TASK GOAL => Each line from the one with "this 1280×1707 image." through the last line of the records must be output exactly, both ends included.

** WORKING DATA follows **

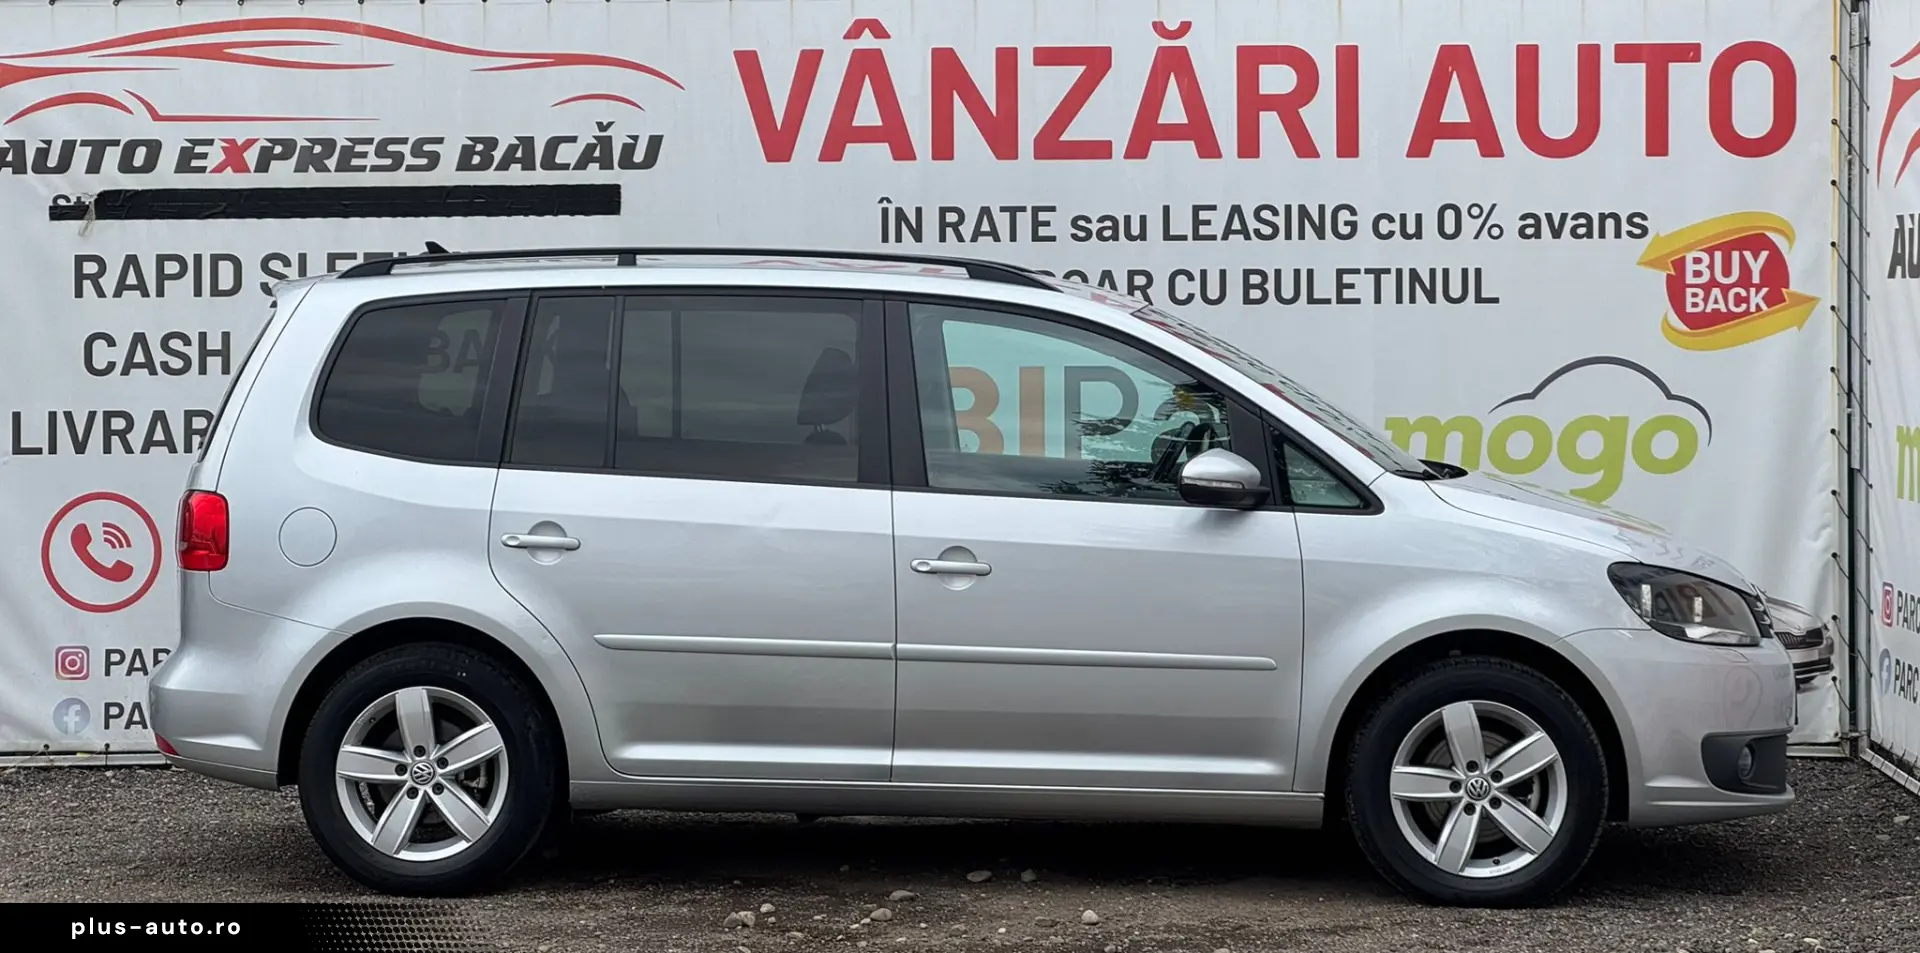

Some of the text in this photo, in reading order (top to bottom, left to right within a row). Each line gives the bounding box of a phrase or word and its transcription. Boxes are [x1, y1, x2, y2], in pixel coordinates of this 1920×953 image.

[734, 18, 1798, 163] VÂNZĂRI AUTO
[0, 121, 665, 175] AUTO EXPRESS BACĂU
[878, 197, 1650, 244] ÎN RATE sau LEASING cu 0% avans
[74, 254, 244, 299] RAPID
[1167, 269, 1228, 307] CU
[1243, 267, 1501, 306] BULETINUL
[1685, 250, 1771, 285] BUY
[1685, 287, 1768, 314] BACK
[83, 331, 232, 377] CASH
[1384, 414, 1699, 503] mogo
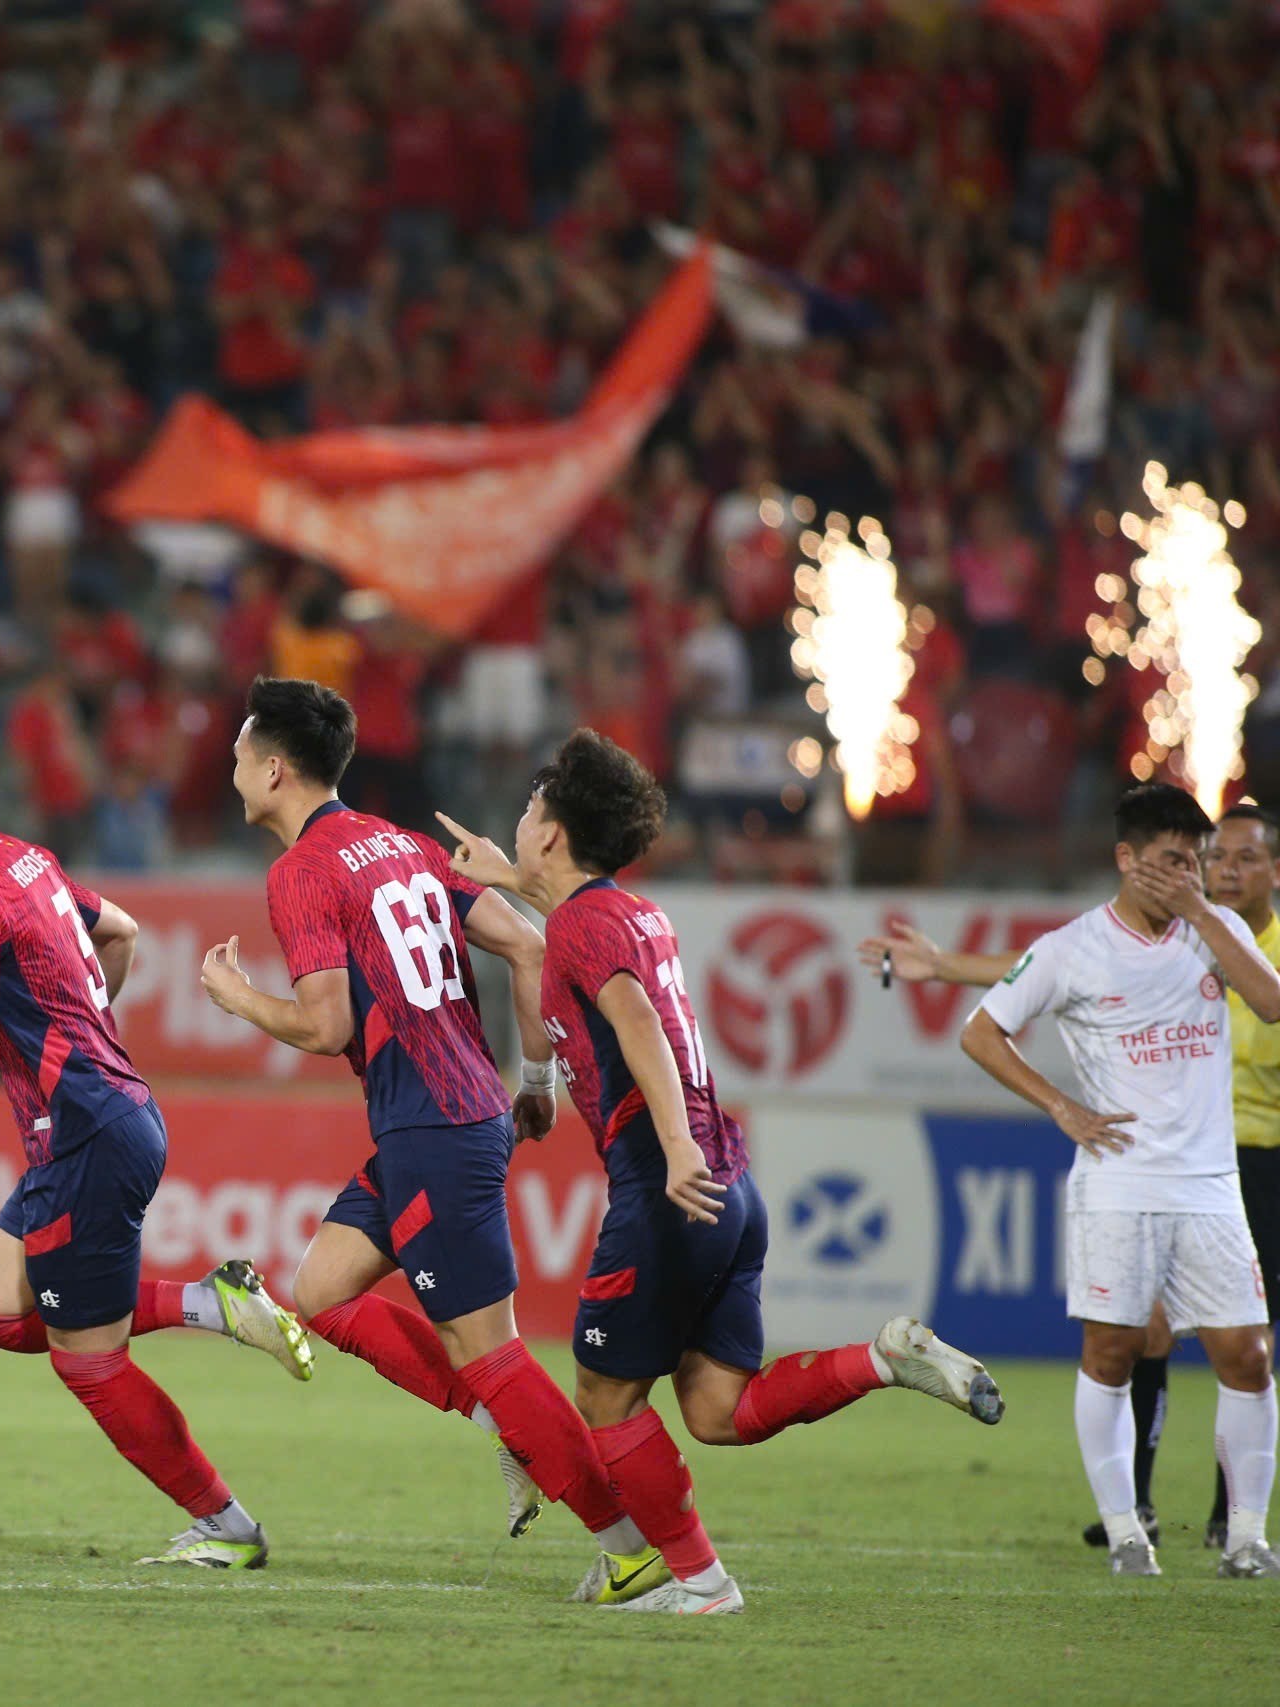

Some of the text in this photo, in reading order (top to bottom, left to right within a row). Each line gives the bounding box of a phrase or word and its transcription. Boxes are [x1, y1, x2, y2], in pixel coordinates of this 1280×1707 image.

[371, 872, 466, 1011] 68
[1164, 1020, 1219, 1042] CÔNG
[1128, 1042, 1215, 1065] VIETTEL

** End of WORKING DATA **

RESPONSE BOX =>
Some of the text in this photo, in reading order (top to bottom, left to right within a row). Each line gives the bounding box of a phrase or word and its transcription. Boxes are [x1, y1, x2, y2], in pixel coordinates of this 1280×1707 image.

[371, 872, 466, 1011] 68
[1164, 1020, 1219, 1042] CÔNG
[1128, 1042, 1215, 1065] VIETTEL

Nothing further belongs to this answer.